● **Assignment**
Output each line of the data below exactly, omitting any image.

Dataset entries:
▼▼▼
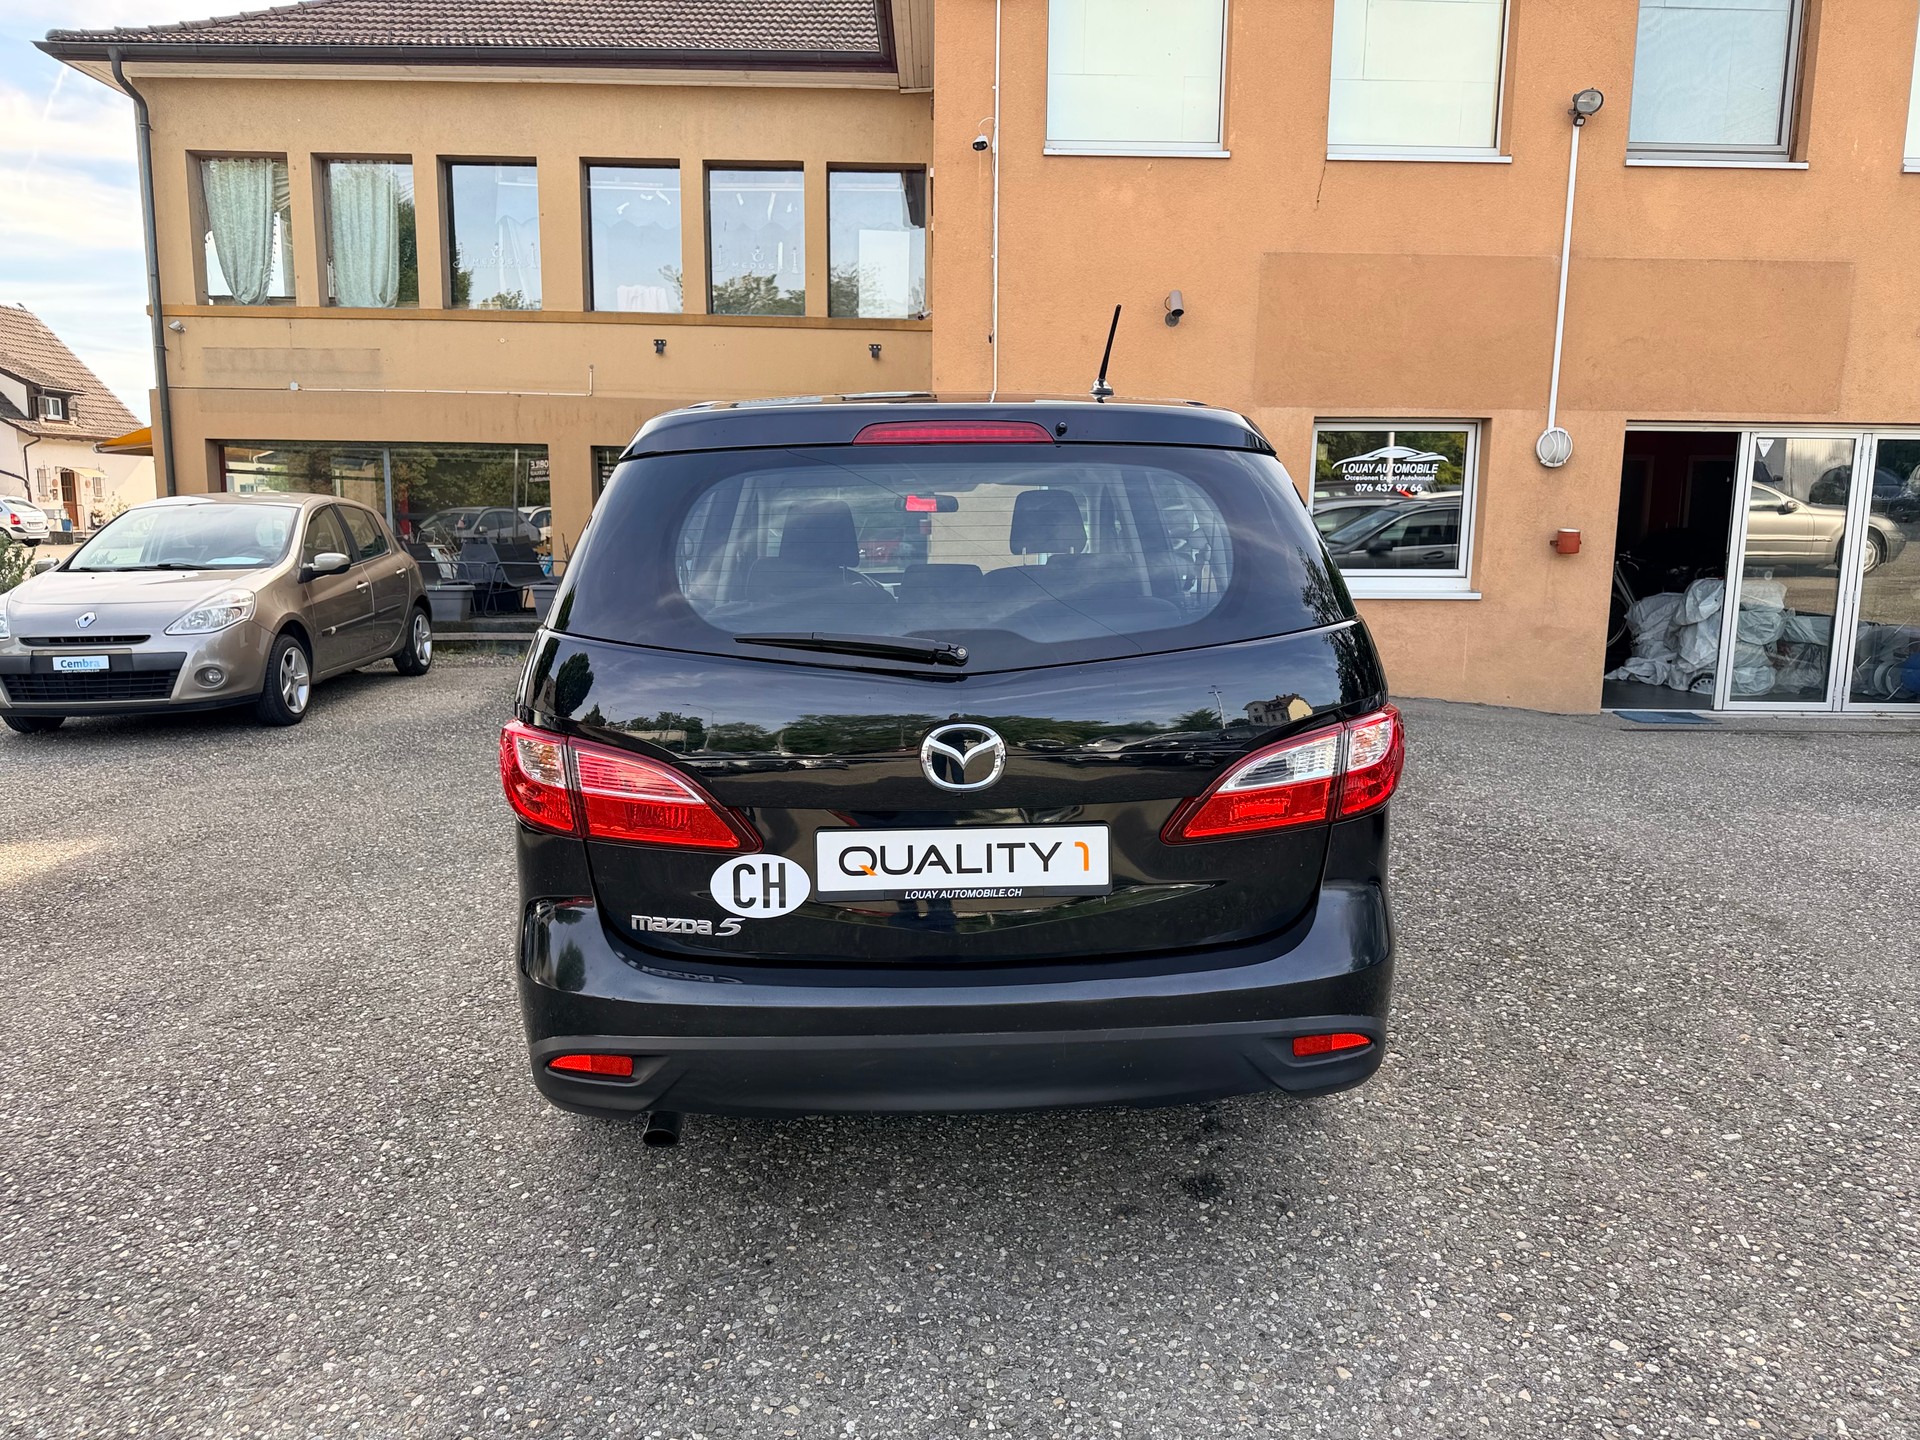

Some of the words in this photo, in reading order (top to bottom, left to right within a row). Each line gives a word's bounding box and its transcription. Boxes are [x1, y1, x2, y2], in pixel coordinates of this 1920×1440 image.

[1342, 463, 1376, 474] LOUAY
[1375, 463, 1439, 474] AUTOMOBILE
[1355, 483, 1373, 492] 076
[1375, 483, 1393, 492] 437
[1396, 483, 1408, 492] 97
[1410, 483, 1423, 492] 66
[60, 659, 100, 668] Cembra
[838, 841, 1063, 877] QUALITY
[1074, 841, 1090, 871] 1
[732, 862, 787, 909] CH
[904, 890, 939, 900] LOUAY
[938, 888, 1023, 899] AUTOMOBILE.CH
[714, 917, 746, 937] 5
▲▲▲
● **Result below**
Some of the words in this photo, in reading order (top to bottom, left to right within a row). Each line gives a word's bounding box and its transcription. Boxes are [x1, y1, x2, y2], in pixel coordinates of this 1920×1440 image.

[1342, 463, 1376, 474] LOUAY
[1375, 463, 1439, 474] AUTOMOBILE
[1355, 483, 1373, 492] 076
[1375, 483, 1393, 492] 437
[1396, 483, 1408, 492] 97
[1410, 483, 1423, 492] 66
[60, 659, 100, 668] Cembra
[838, 841, 1063, 877] QUALITY
[1074, 841, 1090, 871] 1
[732, 862, 787, 909] CH
[904, 890, 939, 900] LOUAY
[938, 888, 1023, 899] AUTOMOBILE.CH
[714, 917, 746, 937] 5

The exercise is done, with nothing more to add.